Why has the MLE for a Gaussian Distribution only one solution although not being “jointly” convex in mean and variance

convex optimizationconvex-analysismaximum likelihoodnormal distribution

I am currently looking into the Maximum Likelihood Estimate (MLE) for the mean $\mu$ and $\sigma^2$ of a Gaussian distribution $\mathcal{N}(\mu, \sigma^2)$ for a given set of samples

$$\left\{x_i \ \vert\ x_i \in \mathbb{R}, i = 1, \ldots, n \right\}.$$

The MLE is given by

\begin{align*}
\mu^* &= \frac{1}{n} \sum_{i=1}^n x_i \\
\sigma^{2^*} &= \frac{1}{n} \sum_{i=1}^n (x_i – \mu^*)^2
\end{align*}

and is indeed the global maximizer, as shown in this thread. It is however easy to show that jointly maximizing the likelihood w.r.t. $\mu$ and $\sigma^2$ is non-concave, as done in this thread. More precisely, this thread looks at the equal objective of minimizing the negative log-likelihood and it shows that the negative log-likelihood is non-convex.

I have already shown in the very same thread, that we can find a non-convex set $G$ on which the negative log-likelihood is convex and that contains the MLE.
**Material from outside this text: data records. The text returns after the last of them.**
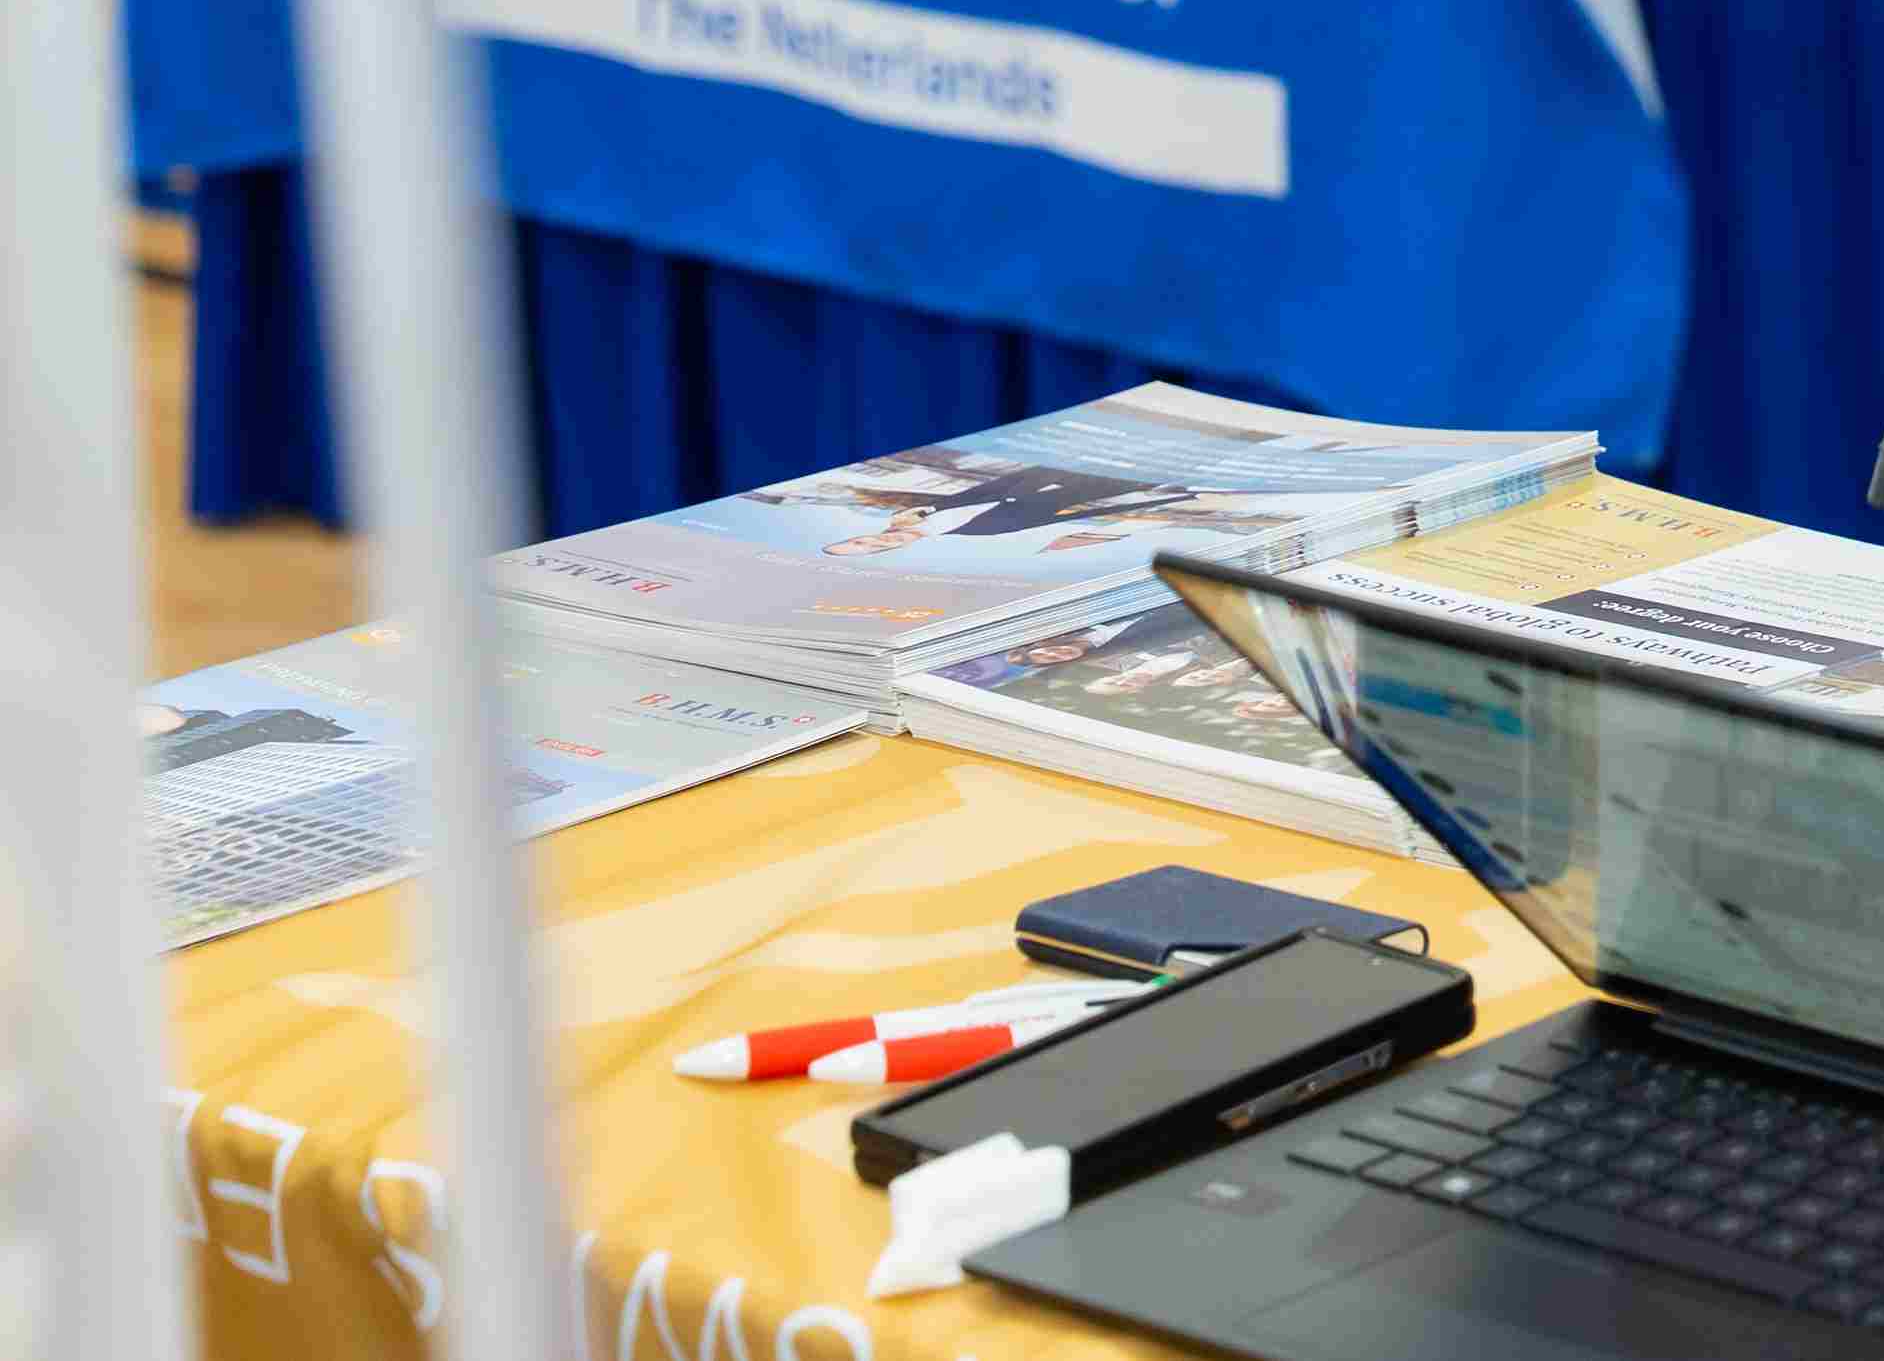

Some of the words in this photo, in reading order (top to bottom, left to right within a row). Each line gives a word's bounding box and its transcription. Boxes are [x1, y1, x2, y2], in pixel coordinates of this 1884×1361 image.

[758, 0, 1062, 120] Netherlands
[1327, 570, 1457, 611] success
[1459, 601, 1566, 637] global
[1565, 623, 1605, 642] to
[1681, 615, 1744, 640] your
[1610, 631, 1772, 678] Pathways
[1744, 628, 1837, 656] Choose
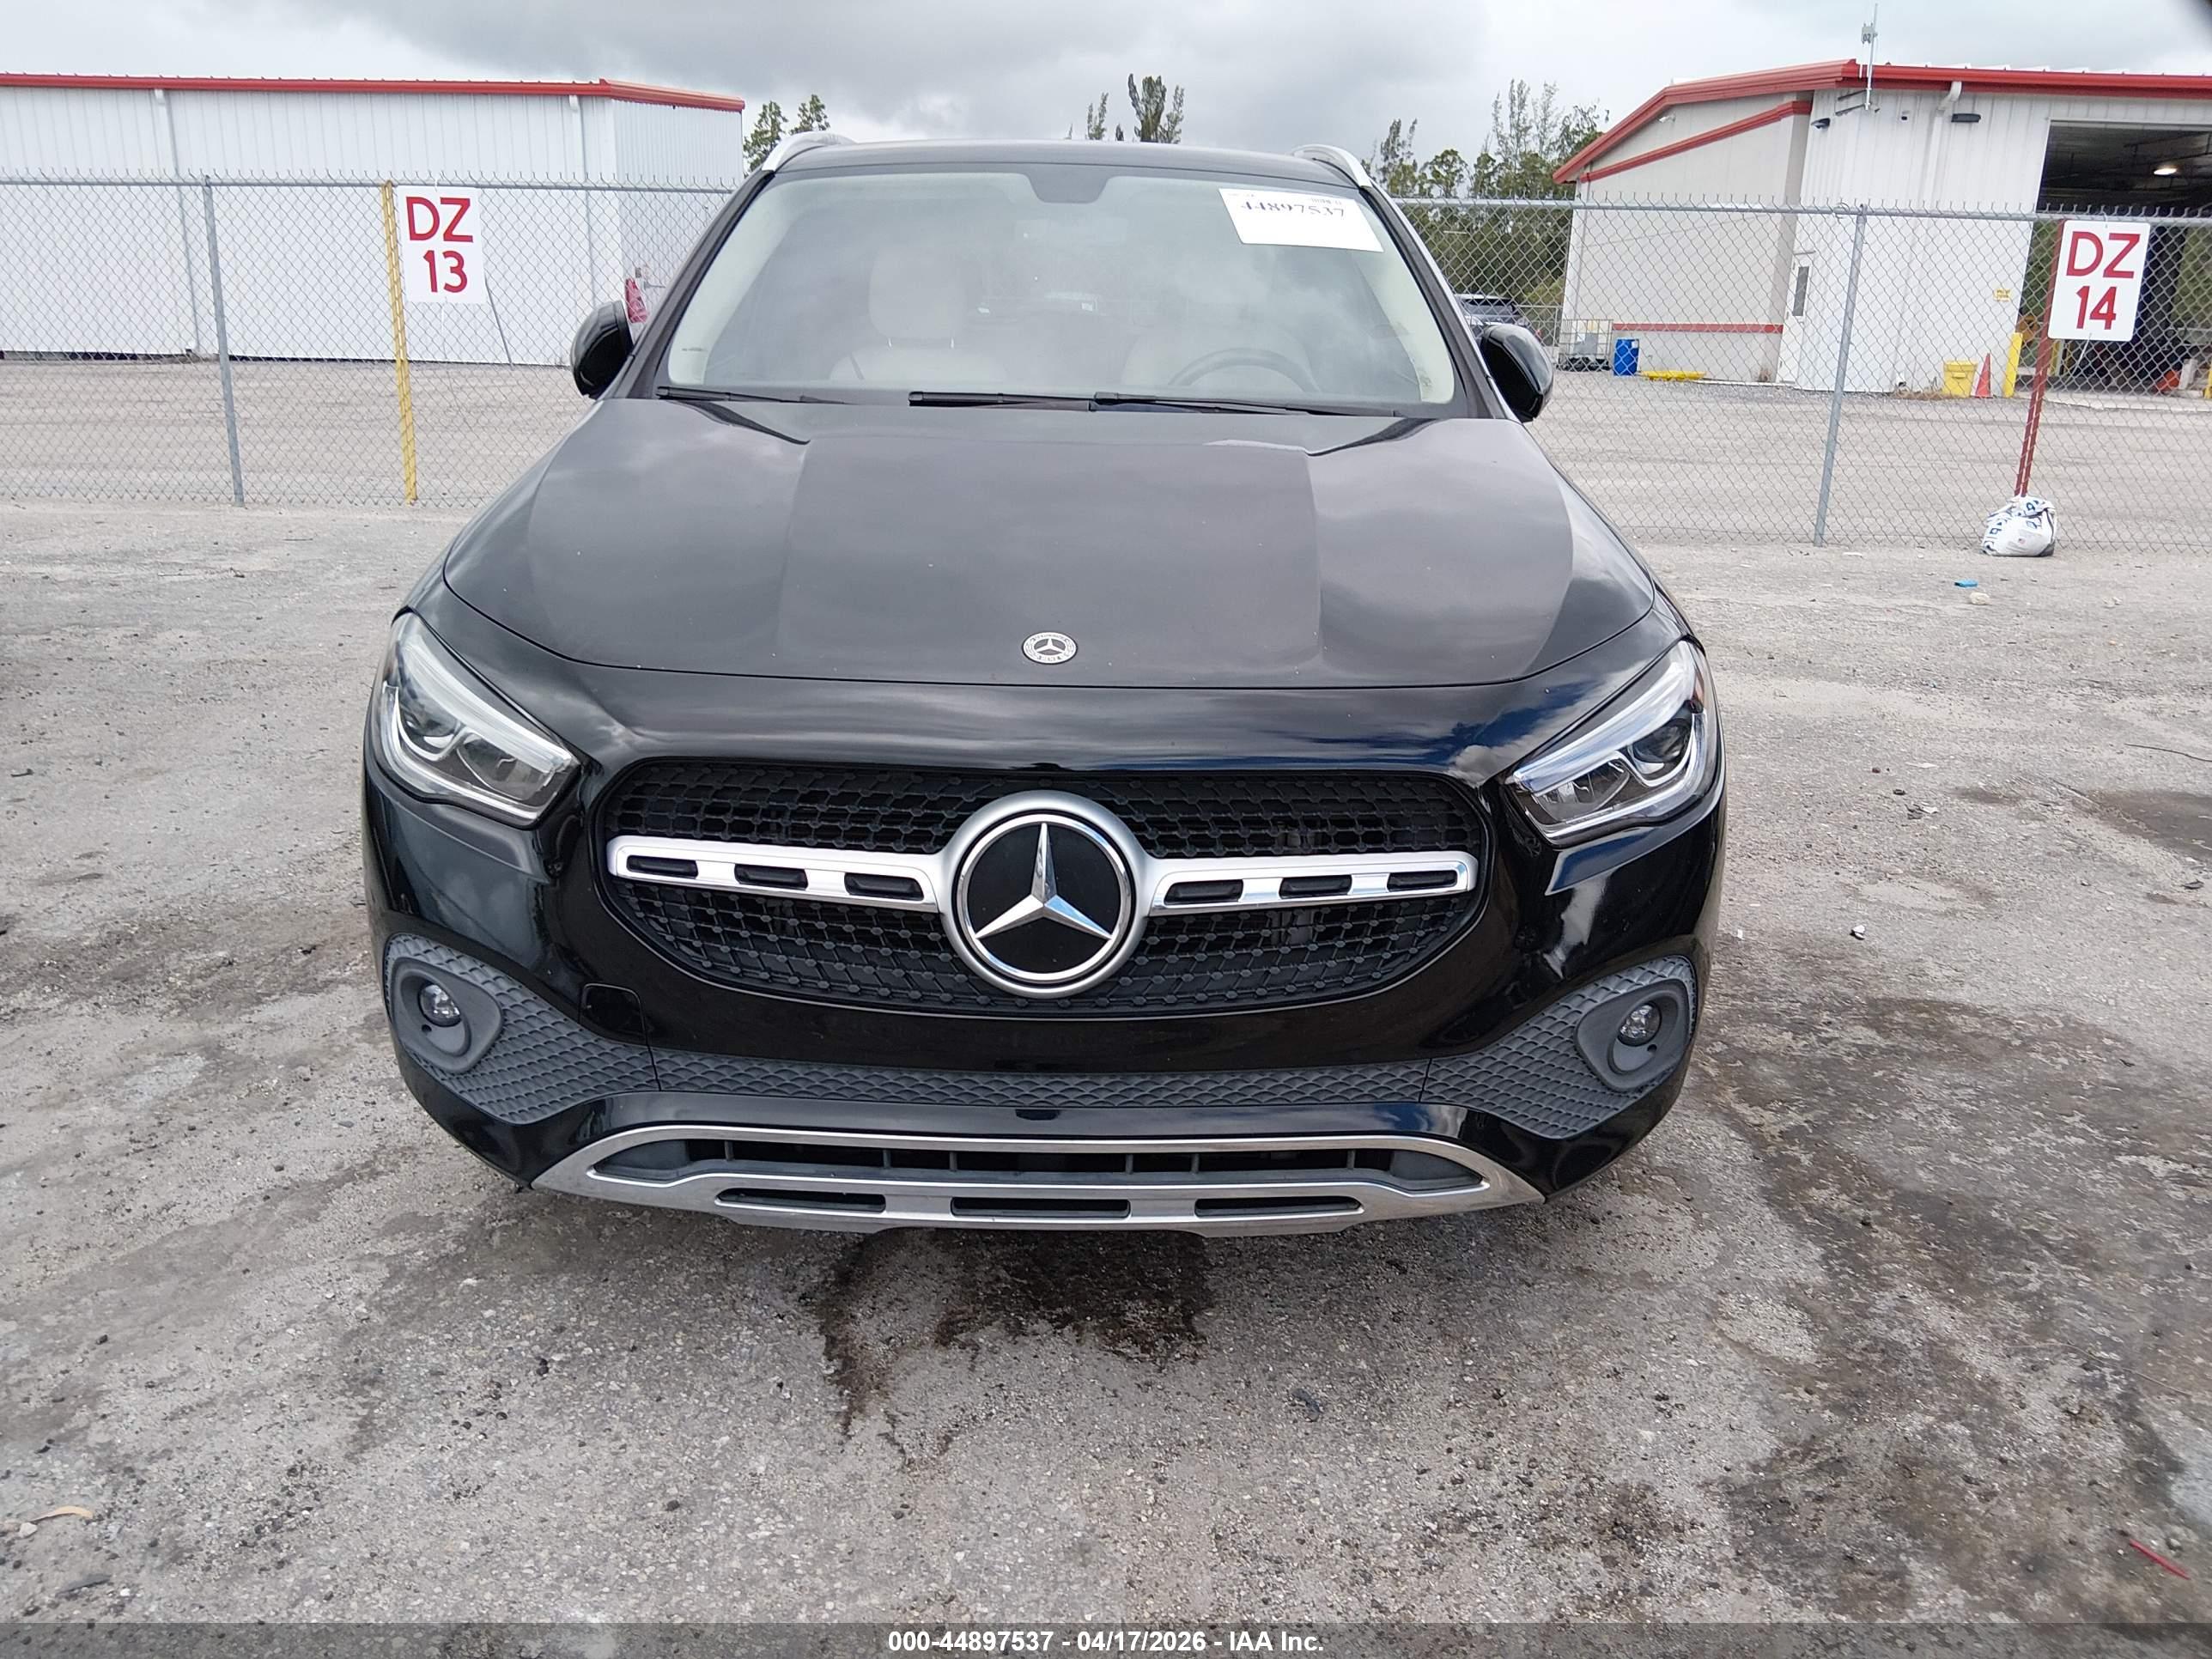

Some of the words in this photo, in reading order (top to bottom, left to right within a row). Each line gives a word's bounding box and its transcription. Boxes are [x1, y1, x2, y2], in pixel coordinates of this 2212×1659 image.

[406, 197, 473, 243] DZ
[423, 251, 468, 294] 13
[2066, 232, 2140, 278] DZ
[2076, 286, 2117, 330] 14
Now my question: Why are there no other minimizers of the negative log-likelihood outside of the set $G$ that we can find via the condition

$$\nabla_{\mu,\sigma^2} – \log\left(\prod_{i=1}^n \mathcal{N}(x_i \vert \mu, \sigma^2)\right) = 0\quad?$$

More generally, is it possible that a function is non-convex on $\mathbb{R}^n$ but has only one minimizer (or a set of minimizers with the same function value)?

Best Answer

It is key that the (location of the) maximum over $\mu$ does not depend on $\sigma$. For that optimal value of $\mu$, there is again a unique optimal $\sigma$. Therefore, you can just optimize sequentially and you do not need joint concavity.